De plus, depuis les réformes récentes, une maison laissée à l'abandon peut perdre son abattement fiscal et faire bondir la note. Beaucoup de propriétaires sont donc pressés de vendre, même pour une bouchée de pain, juste pour arrêter de payer. Ce n'est pas le vendeur qui fixe un prix « bas » par générosité : c'est le marché — et sa propre situation — qui l'y contraignent.

Raison n°5 : le taux de change, un effet de loupe pour les Français

Dernier facteur, conjoncturel celui-là : ces dernières années, le yen a été historiquement faible face à l'euro. Pour un acheteur en euros, cela amplifie l'impression de bon marché : une maison à 3 millions de yens « coûte » sensiblement moins cher en euros qu'avec un yen fort. Ce n'est pas une cause structurelle, et le taux peut évoluer, mais il a clairement contribué à l'engouement français récent.

Le « pas cher » a un coût : ce que le prix d'achat ne dit pas

Une maison à 30 000 € n'est pas un projet à 30 000 €. Vu de France, c'est l'erreur la plus fréquente. Le prix faible s'accompagne presque toujours de dépenses additionnelles importantes :

  • Frais d'acquisition : taxes de mutation, honoraires d'agence, frais du司法書士 (scrivener) pour le titre — souvent plusieurs milliers d'euros, parfois proportionnellement énormes sur un petit prix.
  • Rénovation : isolation quasi inexistante, plomberie et électricité anciennes, toiture, parfois structure. Le budget travaux dépasse fréquemment le prix d'achat.
  • Mise aux normes parasismiques pour les maisons antérieures à 1981 (ancienne norme).
  • Coûts récurrents : taxe foncière annuelle, entretien, et frais de gestion à distance si vous vivez en France.

Autrement dit, le prix bas n'est pas un cadeau : c'est le reflet honnête de ce que vaut le bien en l'état, charges futures comprises. La bonne nouvelle, c'est qu'avec un budget global maîtrisé, le total reste souvent très inférieur à un projet équivalent en France.
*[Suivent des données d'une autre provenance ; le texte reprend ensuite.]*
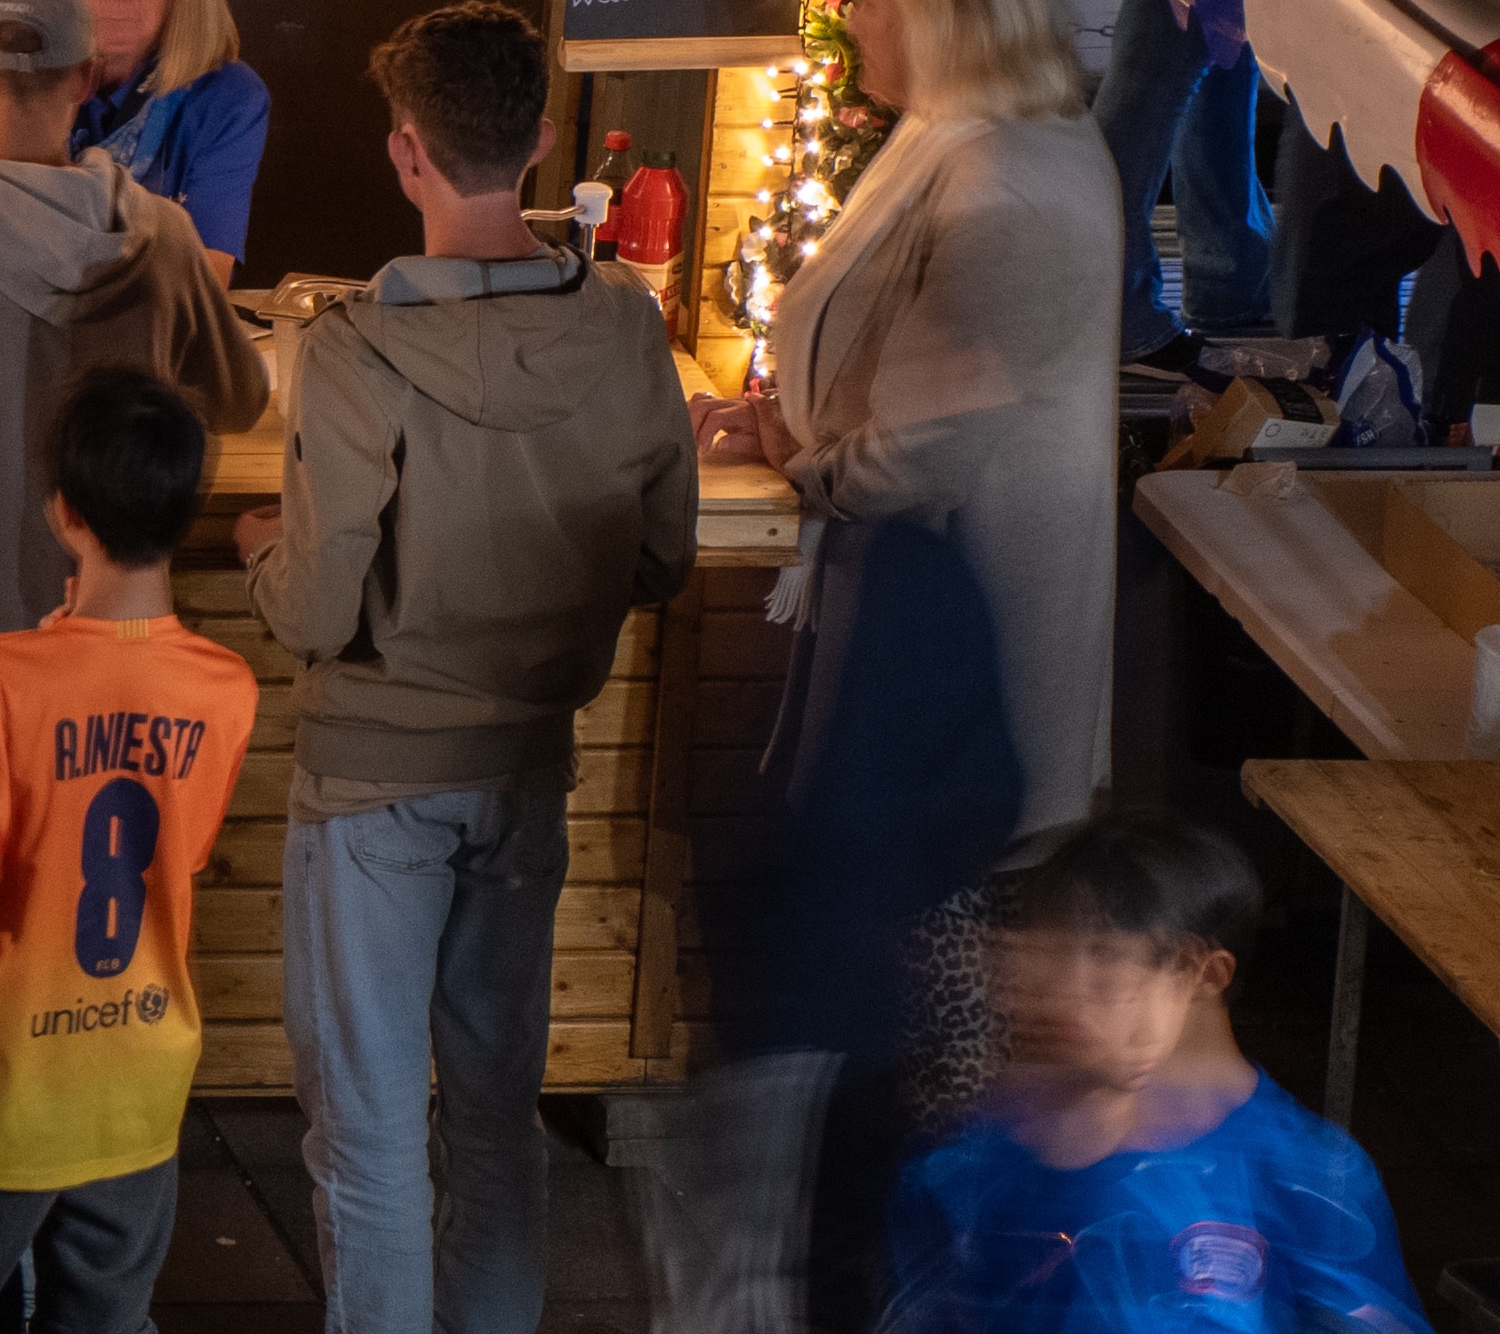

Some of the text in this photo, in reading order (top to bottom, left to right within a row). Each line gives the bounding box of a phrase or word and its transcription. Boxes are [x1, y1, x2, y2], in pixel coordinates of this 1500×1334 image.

Vu de France : changer de logiciel

Pour aborder ce marché sainement, il faut abandonner trois réflexes français :

  • « L'immobilier, ça prend toujours de la valeur » — faux au Japon pour le bâti. On achète un lieu de vie, pas une plus-value.
  • « Si c'est ce prix, c'est qu'il y a un vice caché » — pas forcément. Le prix bas s'explique par la démographie et la culture du neuf, pas nécessairement par un défaut du bien (qu'il faut tout de même vérifier).
  • « Le prix d'achat, c'est le budget » — non : il faut raisonner en coût complet (achat + frais + travaux + charges).

En résumé

  • Les maisons japonaises bon marché concernent surtout l'ancien, hors grandes métropoles ; Tokyo reste cher.
  • Cause centrale : le bâti se déprécie (durée de vie ~30 ans) et tend vers zéro ; seul le terrain garde de la valeur.
  • S'y ajoutent la préférence pour le neuf, une offre surabondante dans un pays qui se dépeuple, et une fiscalité qui pousse à vendre vite.
  • Le yen faible amplifie l'effet « bon marché » pour les acheteurs en euros (effet conjoncturel).
  • Le prix d'achat faible cache des coûts réels : frais d'acquisition, rénovation, mise aux normes, charges annuelles.
  • Bien évalué, le coût complet reste souvent très inférieur à un projet français — à condition de raisonner global.

Les maisons japonaises ne sont pas « pas chères par erreur » : elles le sont par logique. Cette logique est défavorable au vendeur mais favorable à l'acheteur patient, à condition de ne jamais confondre prix d'affichage et coût réel du projet.